In 1992, not long after assuming the presidency, Fujimori found himself faced with a hostile congress dominated by opposition parties. He often found himself with his hands tied, unable to enact the reforms he felt were necessary to fix the economy and root out the terrorists. Since his approval ratings were much higher than those of Congress, he decided on a daring move: On April 5, 1992, he carried out a coup and dissolved all branches of the government except for the executive branch, which he represented. He had the support of the military, who agreed with him that the obstructionist congress was doing more harm than good. He called for the election of a special congress, which would write and pass a new constitution. He had just enough support for this, and a new constitution was enacted in 1993.

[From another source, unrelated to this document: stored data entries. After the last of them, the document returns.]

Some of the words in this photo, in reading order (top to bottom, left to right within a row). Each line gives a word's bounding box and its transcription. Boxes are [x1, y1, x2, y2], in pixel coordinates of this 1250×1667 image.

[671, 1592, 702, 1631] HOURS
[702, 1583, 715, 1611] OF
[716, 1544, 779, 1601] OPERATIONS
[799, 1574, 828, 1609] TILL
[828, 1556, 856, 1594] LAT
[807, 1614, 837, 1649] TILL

The coup was condemned internationally. Several countries broke off diplomatic relations with Peru, including (for a time) the United States. The OAS (Organization of American States) chastised Fujimori for his high-handed action but eventually was placated by the constitutional referendum.


Various scandals involving Vladimiro Montesinos, head of Peru’s National Intelligence Service under Fujimori, put a stain on Fujimori's government. Montesinos was caught on video in 2000 bribing an opposition senator to join with Fujimori, and the ensuing uproar caused Montesinos to flee the country. Later, it was revealed that Montesinos was involved in far worse crimes than bribing politicians, including drug smuggling, vote tampering, embezzlement and arms trafficking. It was the myriad Montesinos scandals that would eventually force Fujimori to leave office.

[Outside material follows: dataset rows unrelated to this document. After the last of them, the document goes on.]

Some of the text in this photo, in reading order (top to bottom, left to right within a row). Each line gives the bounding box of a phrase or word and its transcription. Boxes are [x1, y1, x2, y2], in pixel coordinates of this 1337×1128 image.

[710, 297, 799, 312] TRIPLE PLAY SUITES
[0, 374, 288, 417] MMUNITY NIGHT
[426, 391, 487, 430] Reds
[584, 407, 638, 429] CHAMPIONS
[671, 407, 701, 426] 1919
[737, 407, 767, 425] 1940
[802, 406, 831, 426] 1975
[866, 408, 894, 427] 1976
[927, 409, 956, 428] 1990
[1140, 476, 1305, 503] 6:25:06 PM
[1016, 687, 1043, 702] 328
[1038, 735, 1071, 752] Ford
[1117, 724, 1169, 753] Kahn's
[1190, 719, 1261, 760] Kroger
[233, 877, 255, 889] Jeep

Fujimori’s popularity was already slipping when the Montesinos bribery scandal broke in September 2000. The people of Peru wanted a return to democracy now that the economy was fixed and the terrorists were on the run. He had won the election earlier the same year by an extremely narrow margin amid allegations of vote fraud. When the scandal broke, it destroyed any remaining support Fujimori had, and in November he declared that there would be new elections in April 2001 and that he would not be a candidate. A few days later, he went to Brunei to attend the Asia-Pacific Economic Cooperation Forum. But he did not return to Peru and instead went to Japan, faxing his resignation from the safety of his second home. Congress refused to accept his resignation; it instead voted him out of office on charges of being morally disabled.

Exile in Japan

Alejandro Toledo was elected President of Peru in 2001 and immediately began a vicious anti-Fujimori campaign. He purged the legislature of Fujimori loyalists, brought charges against the exiled president and accused him of crimes against humanity, which alleged Fujimori supported a program to sterilize thousands of Peruvians of native descent. Peru asked for Fujimori to be extradited on several occasions, but Japan, which still saw him as a hero for his actions during the Japanese ambassador residence crisis, steadfastly refused to turn him over. 

Capture and Conviction

In a shocking announcement, Fujimori declared in 2005 that he intended to run for re-election in the 2006 Peruvian elections. Despite the numerous allegations of corruption and abuse of power, Fujimori still fared well in polls taken in Peru at the time. On Nov. 6, 2005, he flew to Santiago, Chile, where he was arrested by request of the Peruvian government. After some complicated legal wrangling, Chile extradited him, and he was sent to Peru in September 2007, which ultimately led to his convictions in 2007 on charges of abuse of power and 2009 on charges of human rights abuses, which resulted in prison sentences of six and 25 years, respectively.